When preparing a dataset, two key points should be considered: balancing the image selection so that different types of objects are equally represented, and the uniqueness of the images themselves.

To explain that a bit more, let’s say, for example, that you want to train a model to recognize cats and dogs. Accordingly, to achieve the best results, the ratio of cat and dog images should be 1:1. Of course, getting such an exact balance can be difficult to achieve in the real world.

So how is this relevant to us now? Well, when selecting our images for our demo, we’ll need to pay attention so that elongated, narrow plates and square plates are represented equally well—again, ideally this would be as a 1:1 ratio.

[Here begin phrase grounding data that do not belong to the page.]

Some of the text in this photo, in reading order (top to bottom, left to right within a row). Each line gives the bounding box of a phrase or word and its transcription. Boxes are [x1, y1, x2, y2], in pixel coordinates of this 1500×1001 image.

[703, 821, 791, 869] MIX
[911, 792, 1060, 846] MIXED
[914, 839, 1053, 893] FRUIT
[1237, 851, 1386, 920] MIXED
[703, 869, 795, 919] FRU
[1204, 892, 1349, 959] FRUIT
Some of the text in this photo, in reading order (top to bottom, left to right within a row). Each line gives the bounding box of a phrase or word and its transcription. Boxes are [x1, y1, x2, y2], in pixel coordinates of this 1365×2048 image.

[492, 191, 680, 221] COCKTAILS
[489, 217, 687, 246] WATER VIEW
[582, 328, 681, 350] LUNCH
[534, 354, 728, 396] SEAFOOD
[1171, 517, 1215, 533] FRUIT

Similarly, we want to take care not to include two or more identical images. They should all be unique.

Both of these nuances—balancing image selection and image uniqueness—affect the accuracy of the model.

Once you’re finished, you’ll be able to gather up your dataset as I have done here:

A selection from the 100 images of cars collected in a folder on macOS

That’s a lot of cars…

Alternatively, if you’d prefer, I’ve also prepared my selection of 100 car images for your convenience—simply click Download to grab it.

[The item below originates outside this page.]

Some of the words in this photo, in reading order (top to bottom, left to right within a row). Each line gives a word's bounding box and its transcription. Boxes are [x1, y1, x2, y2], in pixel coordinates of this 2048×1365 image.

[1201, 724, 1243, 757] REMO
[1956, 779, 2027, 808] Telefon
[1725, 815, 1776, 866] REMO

Uploading our data on Roboflow

For this stage of data preparation, we’ll use a service called Roboflow which offers a wide array of tools for preprocessing, exporting, and for converting annotations. The public plan allows users to process up to 1000 images—make sure you choose this if prompted, or you won’t be able to export your dataset for this experiement.

A menu displaying the available Roboflow plans and payment options

To get started, sign up, make your way to the new project screen, then select Create New Project:

The Roboflow project page, showing off a couple of examples

⚠️ Important note for first-time Roboflow users: you’ll be prompted to go through a tutorial. Make sure to select Upload Your Own Data since we don’t want to use ours. Additionally, although the actual screens may appear slightly different than as illustrated in this article—Roboflow will visually highlight what you need to select—the steps will reamin the same.

There are 5 types of licenses here: Public Domain, OBdl, MIT, CC BY 4.0, and BY-NC-SA 4.0. These impact how a project can be legally reused. In general, Public Domain allow others to reuse a resource for free.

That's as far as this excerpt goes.